Kylyssa Shay (author) from Overlooking a meadow near Grand Rapids, Michigan, USA on March 06, 2014:
@bonesindecay: You could have it ready right away if you use water from your cycled 100 gallon and attach the Eheim right to the quarantine tank. Hypo-salinity needs to be phased in slowly. You start at a normal salinity and slowly decrease it briefly to around 1.010. I'll have to hunt up the instructions for that. I've had my fish so long haven't had to quarantine anything but macroalgae for probably ten years.I'd suggest you treat both the display tank and the quarantine tank with a reef-safe ich-treatment. You'll really enjoy the chromis because they are such neat schoolers. In time, you can train them to come to you for food and they all come swimming to you at once. They also don't tend to get nasty or annoying like damsels.
bonesindecay on March 05, 2014:
@Kylyssa: Thanks for the reply.
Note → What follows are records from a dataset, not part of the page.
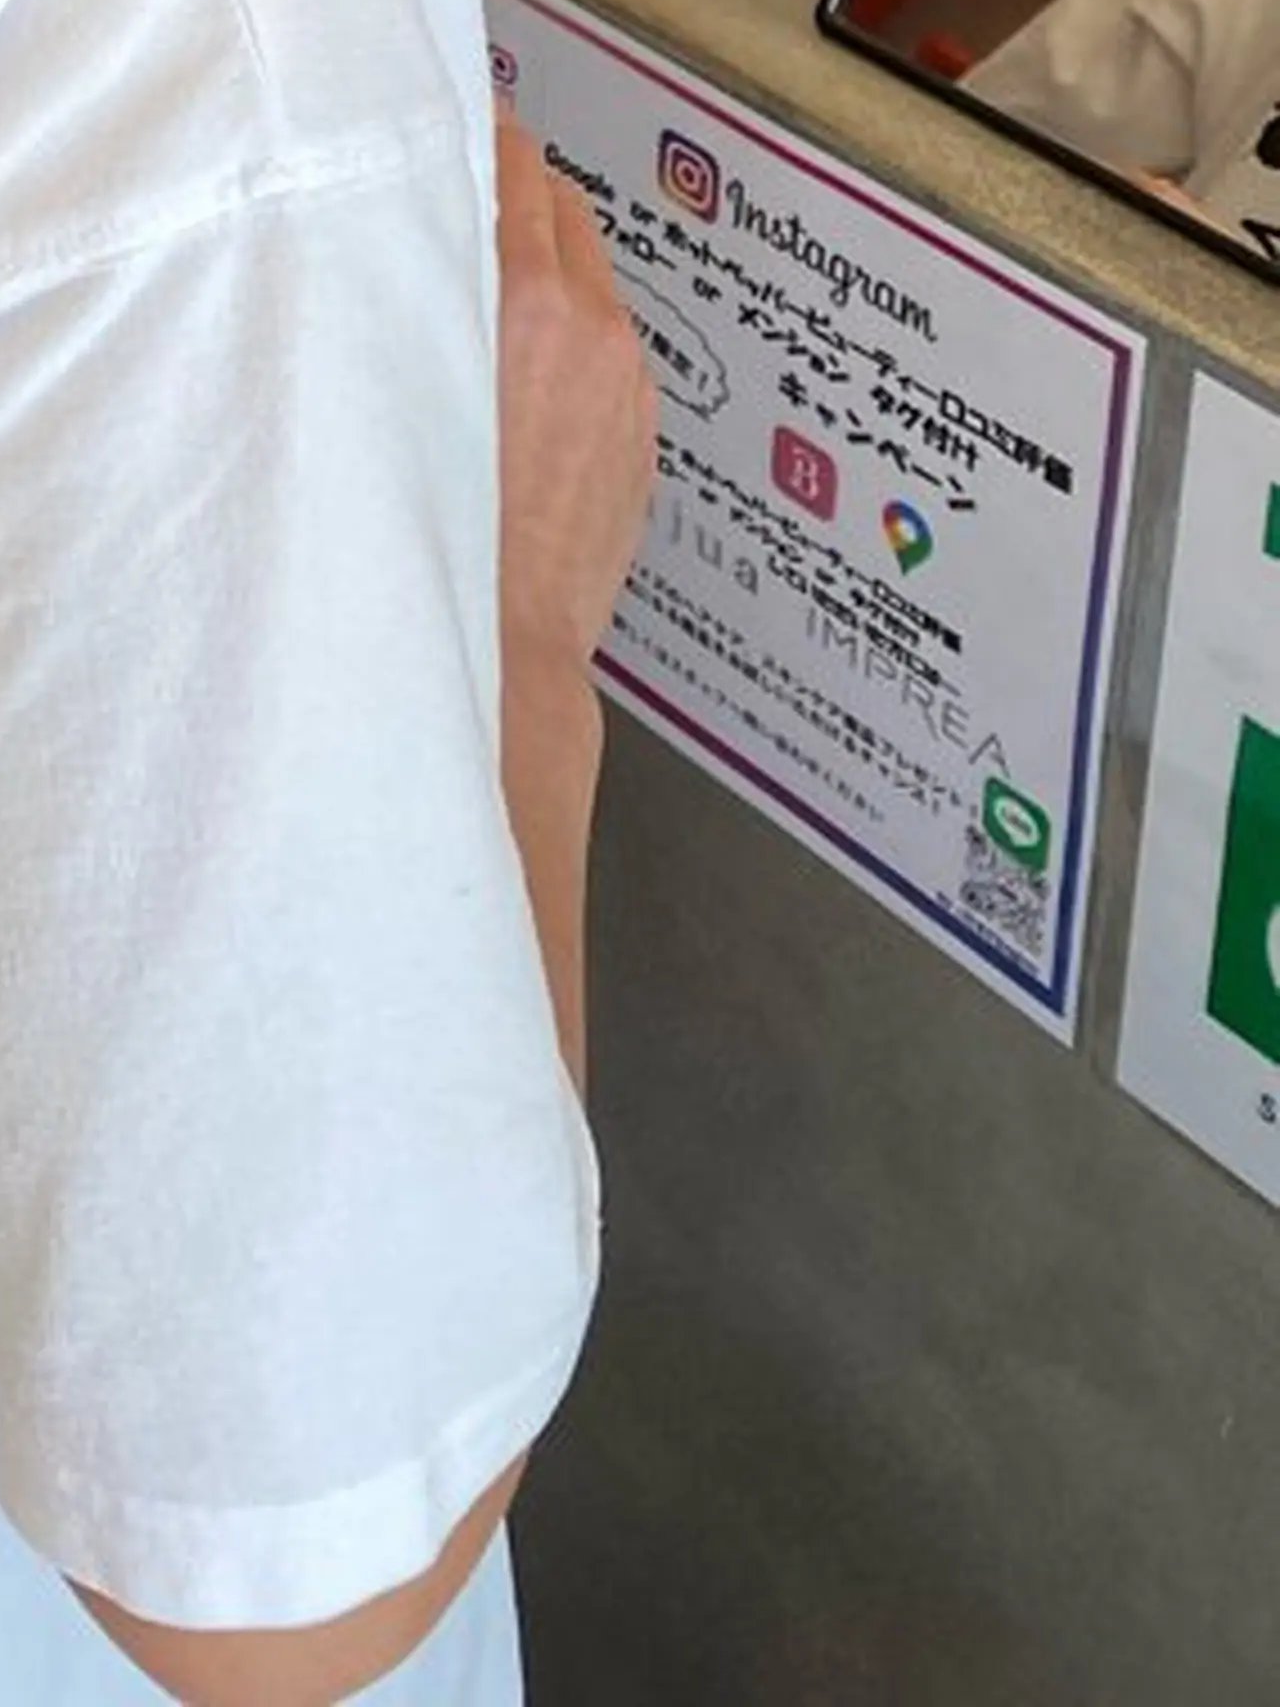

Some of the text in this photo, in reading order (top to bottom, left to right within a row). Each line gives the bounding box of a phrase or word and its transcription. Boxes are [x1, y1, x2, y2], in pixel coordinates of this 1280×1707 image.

[630, 202, 658, 225] or
[725, 177, 938, 343] Instagram
[595, 206, 981, 474] フォロー or メンション タグ付け
[778, 370, 978, 513] キャンペーン
[646, 492, 1012, 779] jua IMPREA
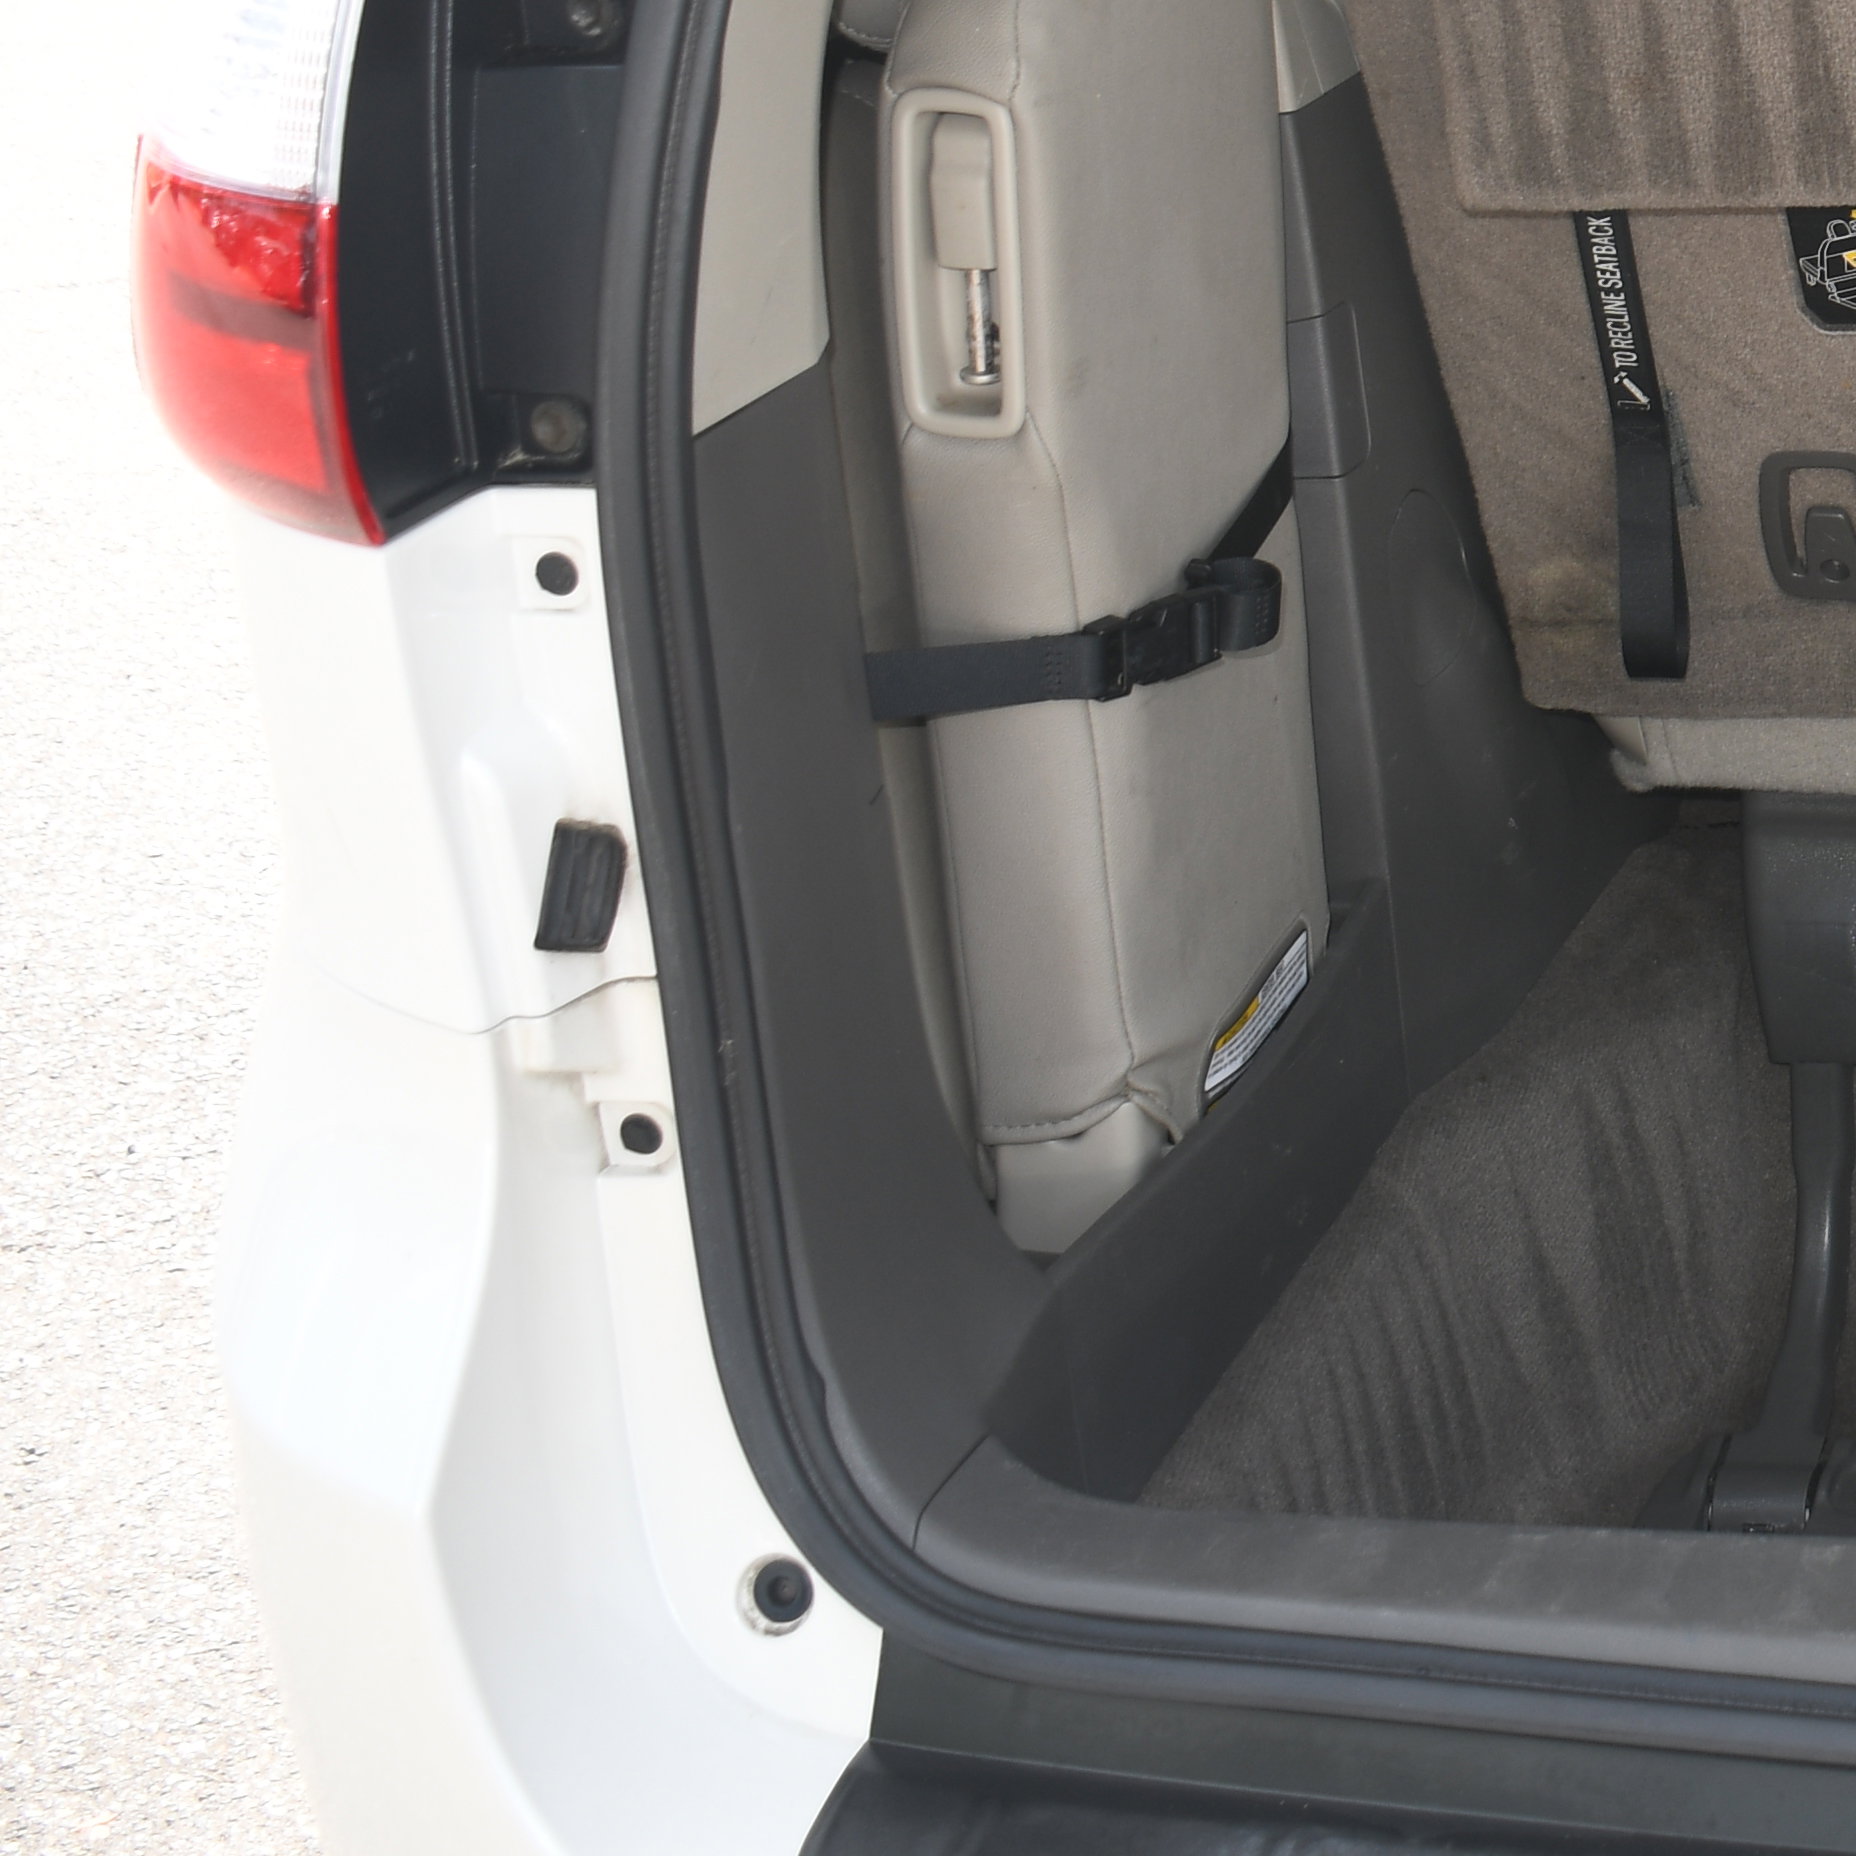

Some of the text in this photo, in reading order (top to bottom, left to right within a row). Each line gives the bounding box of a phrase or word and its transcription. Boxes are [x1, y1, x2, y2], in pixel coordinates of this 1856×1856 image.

I have a spare 10 gallon tank and a small canister filter I could use for quarantine. How long do you recommend I cycle the quarantine tank before it's safe to put fish in the quarantine tank? Also how long do you recommend doing the hypo-salinity & quarantine before adding the tang and any fish to the main tank? Isn't it more risky putting these fish in a smaller tank? They can still get stressed out because it's too small right?. I do plan on getting a baby Porky and a baby tang. I was thinking I should probably exchange the 4 damsels in my tank right now for a couple chromas since you told me they can be butt heads to the blue tang. Thanks again for your advice.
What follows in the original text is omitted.